> Exercise: Down to the final line, print the records below exactly and without pictures.

Items listed in a dataset:
####

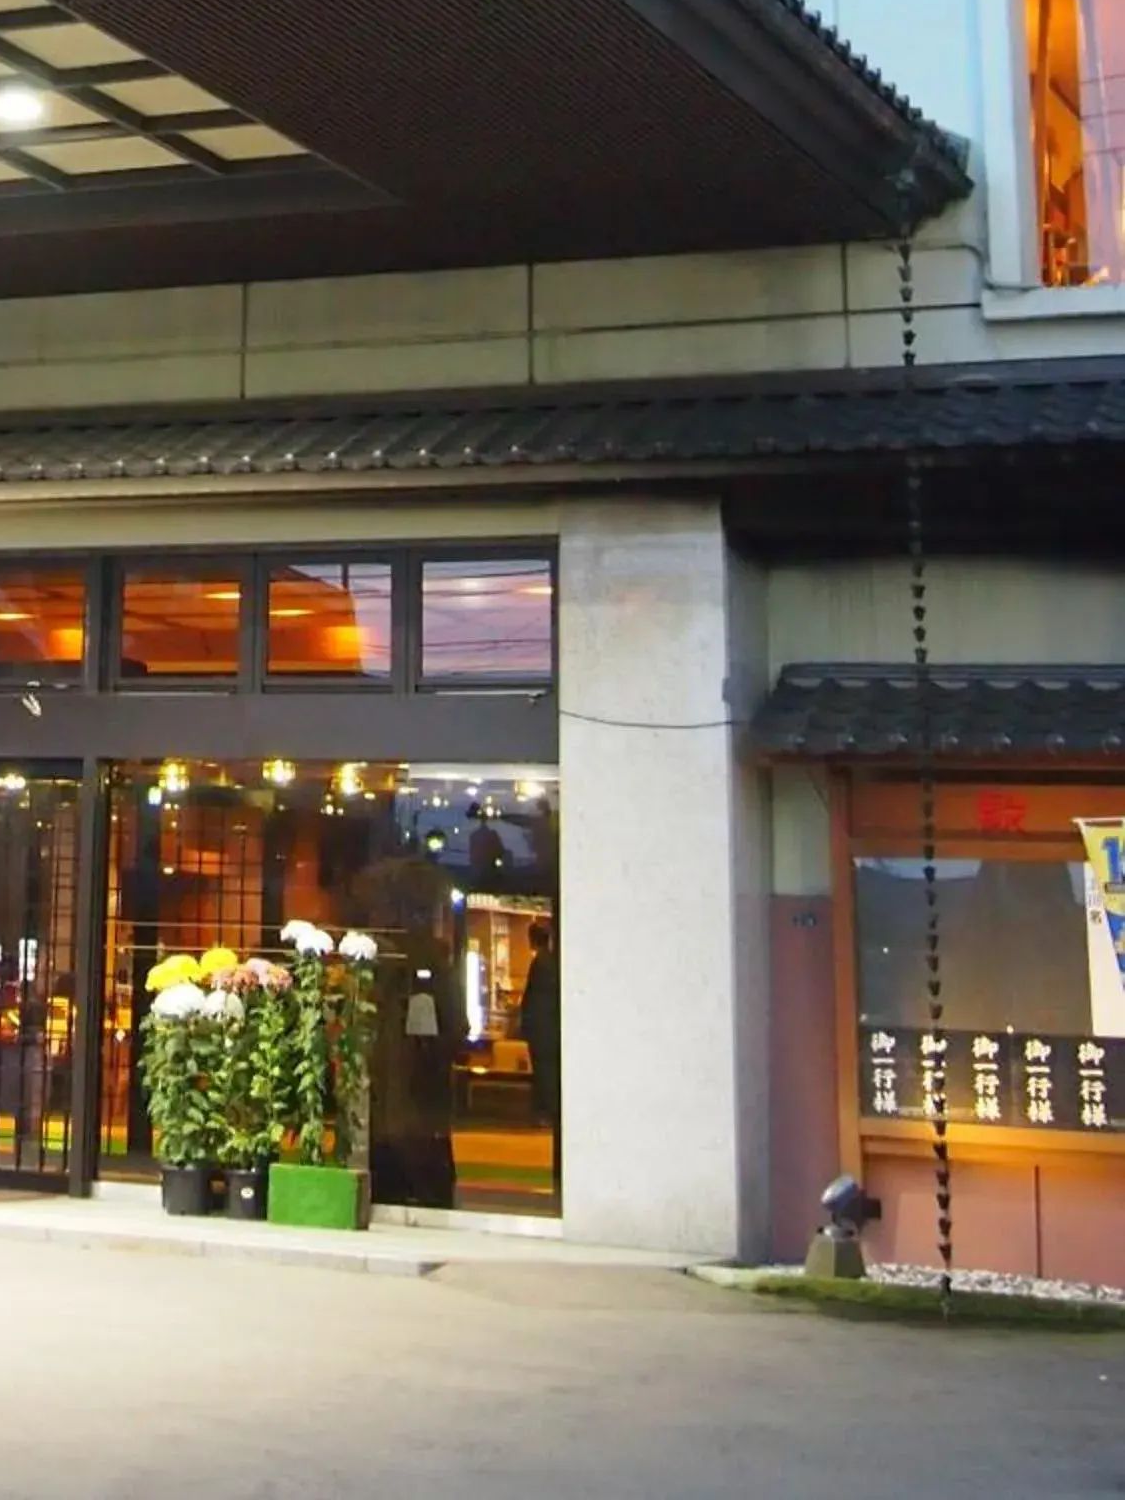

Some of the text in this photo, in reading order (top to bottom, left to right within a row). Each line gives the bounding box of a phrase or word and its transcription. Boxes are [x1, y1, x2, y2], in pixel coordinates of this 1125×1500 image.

[871, 1031, 897, 1114] 御一行様
[972, 1036, 1001, 1122] 御一行様
[1025, 1039, 1053, 1124] 御一行様
[1078, 1041, 1107, 1127] 御一行様

####

> Exercise answer:
Some of the text in this photo, in reading order (top to bottom, left to right within a row). Each line gives the bounding box of a phrase or word and its transcription. Boxes are [x1, y1, x2, y2], in pixel coordinates of this 1125×1500 image.

[871, 1031, 897, 1114] 御一行様
[972, 1036, 1001, 1122] 御一行様
[1025, 1039, 1053, 1124] 御一行様
[1078, 1041, 1107, 1127] 御一行様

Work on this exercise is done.